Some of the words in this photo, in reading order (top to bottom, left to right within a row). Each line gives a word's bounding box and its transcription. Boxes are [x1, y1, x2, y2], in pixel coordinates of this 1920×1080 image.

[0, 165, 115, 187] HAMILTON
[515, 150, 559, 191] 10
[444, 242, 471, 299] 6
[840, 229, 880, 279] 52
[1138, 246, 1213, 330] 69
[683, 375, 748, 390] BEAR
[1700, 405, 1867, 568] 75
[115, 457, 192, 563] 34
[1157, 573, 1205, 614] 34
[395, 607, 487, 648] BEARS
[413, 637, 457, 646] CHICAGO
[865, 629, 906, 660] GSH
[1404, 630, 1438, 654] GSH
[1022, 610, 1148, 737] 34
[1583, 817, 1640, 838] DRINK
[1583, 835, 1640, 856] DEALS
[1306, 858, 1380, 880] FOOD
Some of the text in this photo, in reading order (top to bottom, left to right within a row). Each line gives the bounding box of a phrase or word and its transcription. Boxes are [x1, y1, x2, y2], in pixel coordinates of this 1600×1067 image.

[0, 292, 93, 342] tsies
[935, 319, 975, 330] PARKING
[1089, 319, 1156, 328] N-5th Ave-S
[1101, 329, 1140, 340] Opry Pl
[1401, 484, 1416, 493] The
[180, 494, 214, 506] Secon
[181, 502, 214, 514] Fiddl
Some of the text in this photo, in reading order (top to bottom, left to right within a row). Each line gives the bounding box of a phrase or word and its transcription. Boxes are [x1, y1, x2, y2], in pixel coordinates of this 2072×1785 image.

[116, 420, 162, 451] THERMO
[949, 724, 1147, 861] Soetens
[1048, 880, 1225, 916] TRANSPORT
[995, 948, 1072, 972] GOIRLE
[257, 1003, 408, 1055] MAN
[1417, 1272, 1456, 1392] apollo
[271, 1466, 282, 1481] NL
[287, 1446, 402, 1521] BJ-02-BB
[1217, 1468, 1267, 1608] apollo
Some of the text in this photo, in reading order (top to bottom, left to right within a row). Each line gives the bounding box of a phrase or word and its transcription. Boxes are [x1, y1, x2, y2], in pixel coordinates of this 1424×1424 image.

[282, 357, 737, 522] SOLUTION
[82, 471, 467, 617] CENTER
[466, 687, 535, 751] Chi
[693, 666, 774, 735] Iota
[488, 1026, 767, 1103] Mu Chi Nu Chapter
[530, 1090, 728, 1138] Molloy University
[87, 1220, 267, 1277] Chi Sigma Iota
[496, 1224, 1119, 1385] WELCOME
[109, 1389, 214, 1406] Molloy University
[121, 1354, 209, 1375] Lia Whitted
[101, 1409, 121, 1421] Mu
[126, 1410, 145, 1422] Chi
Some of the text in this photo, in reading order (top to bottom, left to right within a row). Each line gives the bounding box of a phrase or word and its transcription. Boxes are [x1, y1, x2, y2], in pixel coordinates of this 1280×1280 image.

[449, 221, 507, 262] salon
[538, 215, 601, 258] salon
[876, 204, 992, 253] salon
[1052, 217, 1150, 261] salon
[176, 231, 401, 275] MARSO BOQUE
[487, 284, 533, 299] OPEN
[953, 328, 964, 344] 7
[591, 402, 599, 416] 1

-------

# [Action item]
Copy each line of the data above without altering a single character.

# [Exercise answer]
Some of the words in this photo, in reading order (top to bottom, left to right within a row). Each line gives a word's bounding box and its transcription. Boxes are [x1, y1, x2, y2], in pixel coordinates of this 1920×1080 image.

[0, 165, 115, 187] HAMILTON
[515, 150, 559, 191] 10
[444, 242, 471, 299] 6
[840, 229, 880, 279] 52
[1138, 246, 1213, 330] 69
[683, 375, 748, 390] BEAR
[1700, 405, 1867, 568] 75
[115, 457, 192, 563] 34
[1157, 573, 1205, 614] 34
[395, 607, 487, 648] BEARS
[413, 637, 457, 646] CHICAGO
[865, 629, 906, 660] GSH
[1404, 630, 1438, 654] GSH
[1022, 610, 1148, 737] 34
[1583, 817, 1640, 838] DRINK
[1583, 835, 1640, 856] DEALS
[1306, 858, 1380, 880] FOOD
Some of the text in this photo, in reading order (top to bottom, left to right within a row). Each line gives the bounding box of a phrase or word and its transcription. Boxes are [x1, y1, x2, y2], in pixel coordinates of this 1600×1067 image.

[0, 292, 93, 342] tsies
[935, 319, 975, 330] PARKING
[1089, 319, 1156, 328] N-5th Ave-S
[1101, 329, 1140, 340] Opry Pl
[1401, 484, 1416, 493] The
[180, 494, 214, 506] Secon
[181, 502, 214, 514] Fiddl
Some of the text in this photo, in reading order (top to bottom, left to right within a row). Each line gives the bounding box of a phrase or word and its transcription. Boxes are [x1, y1, x2, y2], in pixel coordinates of this 2072×1785 image.

[116, 420, 162, 451] THERMO
[949, 724, 1147, 861] Soetens
[1048, 880, 1225, 916] TRANSPORT
[995, 948, 1072, 972] GOIRLE
[257, 1003, 408, 1055] MAN
[1417, 1272, 1456, 1392] apollo
[271, 1466, 282, 1481] NL
[287, 1446, 402, 1521] BJ-02-BB
[1217, 1468, 1267, 1608] apollo
Some of the text in this photo, in reading order (top to bottom, left to right within a row). Each line gives the bounding box of a phrase or word and its transcription. Boxes are [x1, y1, x2, y2], in pixel coordinates of this 1424×1424 image.

[282, 357, 737, 522] SOLUTION
[82, 471, 467, 617] CENTER
[466, 687, 535, 751] Chi
[693, 666, 774, 735] Iota
[488, 1026, 767, 1103] Mu Chi Nu Chapter
[530, 1090, 728, 1138] Molloy University
[87, 1220, 267, 1277] Chi Sigma Iota
[496, 1224, 1119, 1385] WELCOME
[109, 1389, 214, 1406] Molloy University
[121, 1354, 209, 1375] Lia Whitted
[101, 1409, 121, 1421] Mu
[126, 1410, 145, 1422] Chi
Some of the text in this photo, in reading order (top to bottom, left to right within a row). Each line gives the bounding box of a phrase or word and its transcription. Boxes are [x1, y1, x2, y2], in pixel coordinates of this 1280×1280 image.

[449, 221, 507, 262] salon
[538, 215, 601, 258] salon
[876, 204, 992, 253] salon
[1052, 217, 1150, 261] salon
[176, 231, 401, 275] MARSO BOQUE
[487, 284, 533, 299] OPEN
[953, 328, 964, 344] 7
[591, 402, 599, 416] 1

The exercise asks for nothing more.